Assessment of Energy Conversion Efficiency in Solar Cells: A Photovoltaic Performance Characterization Study

Abstract

This study focuses on the assessment of energy conversion efficiency in different types of photovoltaic (PV) solar cells—monocrystalline, polycrystalline, and thin-film—under varying environmental conditions. The research was conducted to evaluate the influence of temperature and light intensity on the performance of these solar cells, aiming to provide insights for optimizing solar energy systems. A three-month field test was conducted where solar cells were exposed to real-world conditions, with data collected on open-circuit voltage (Voc), short-circuit current (Isc), fill factor, maximum power output, and efficiency. Results indicated that monocrystalline cells consistently achieved the highest energy conversion efficiency, reaching 19.1% at 25°C and 80,000 luces, while polycrystalline and thin-film cells demonstrated efficiencies of 18.5% and 17.4%, respectively. The study found that temperature increases negatively impacted efficiency, with monocrystalline cells retaining the highest efficiency under elevated temperatures.
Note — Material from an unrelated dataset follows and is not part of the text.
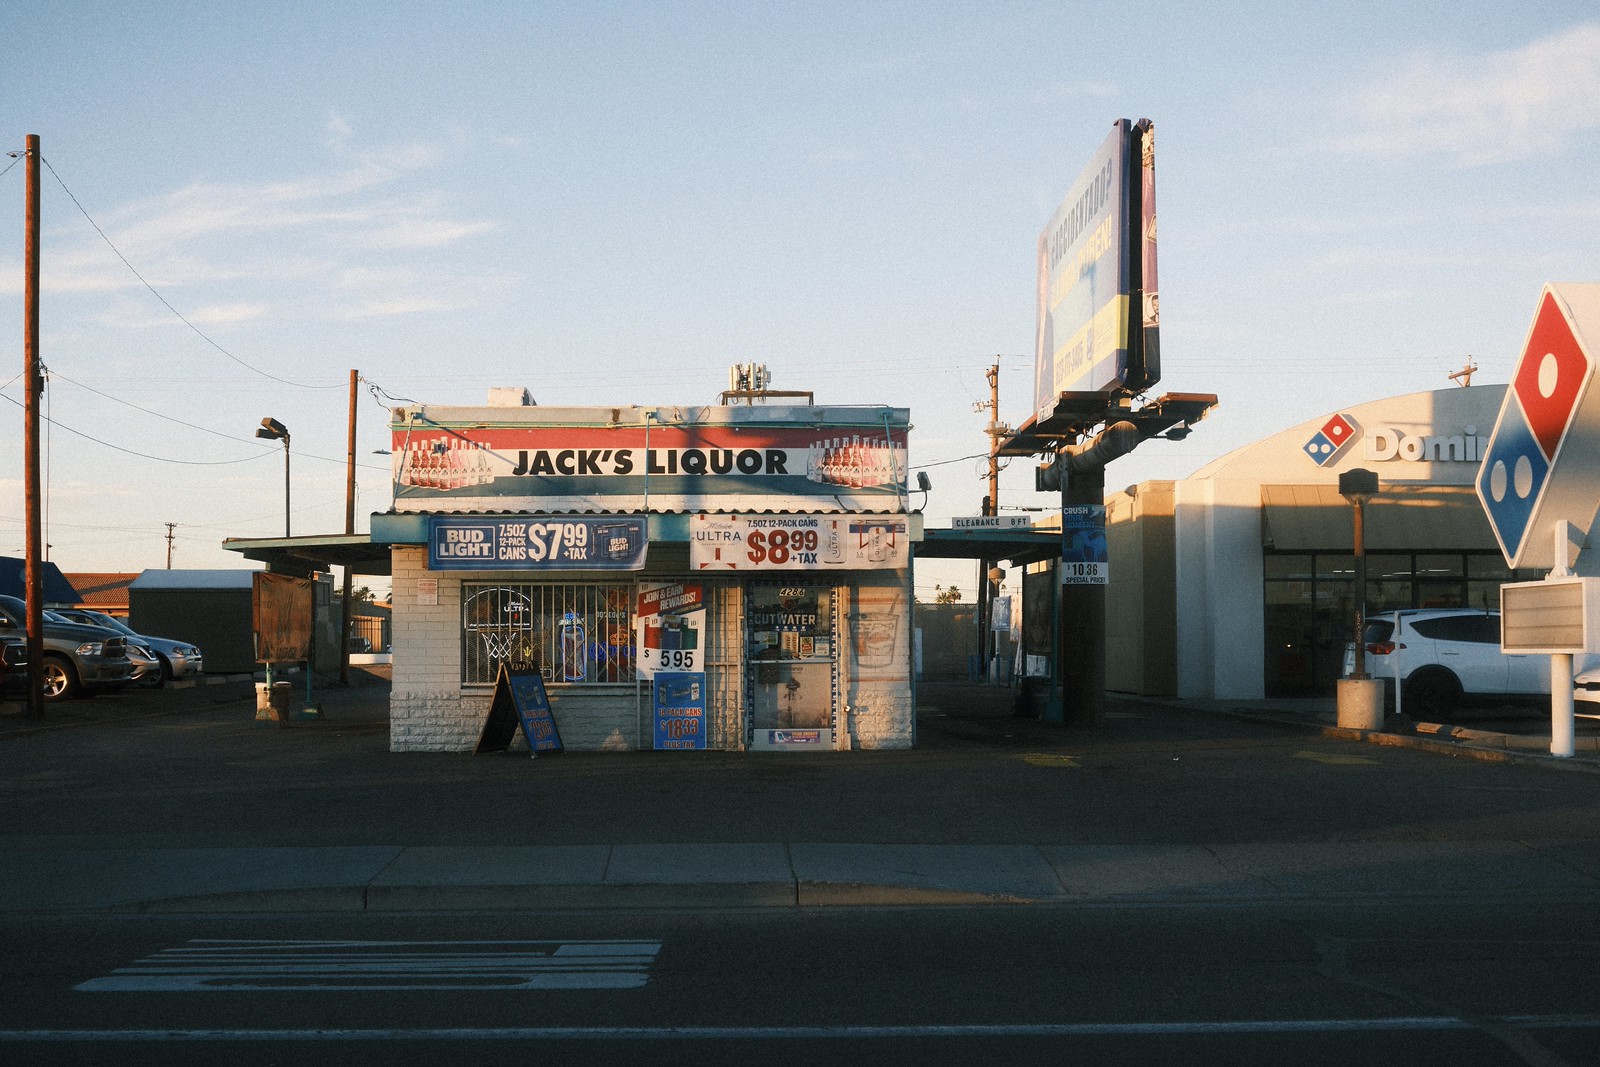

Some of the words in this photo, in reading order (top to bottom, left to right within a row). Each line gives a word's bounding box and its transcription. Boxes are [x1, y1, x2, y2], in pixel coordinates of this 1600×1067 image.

These findings are significant for optimizing solar energy systems based on regional environmental factors. The study contributes to ongoing research by providing a comprehensive performance characterization of solar cells under practical conditions, bridging the gap between theoretical models and real-world applications. The results emphasize the need for innovation in solar cell technology to improve performance in high-temperature regions.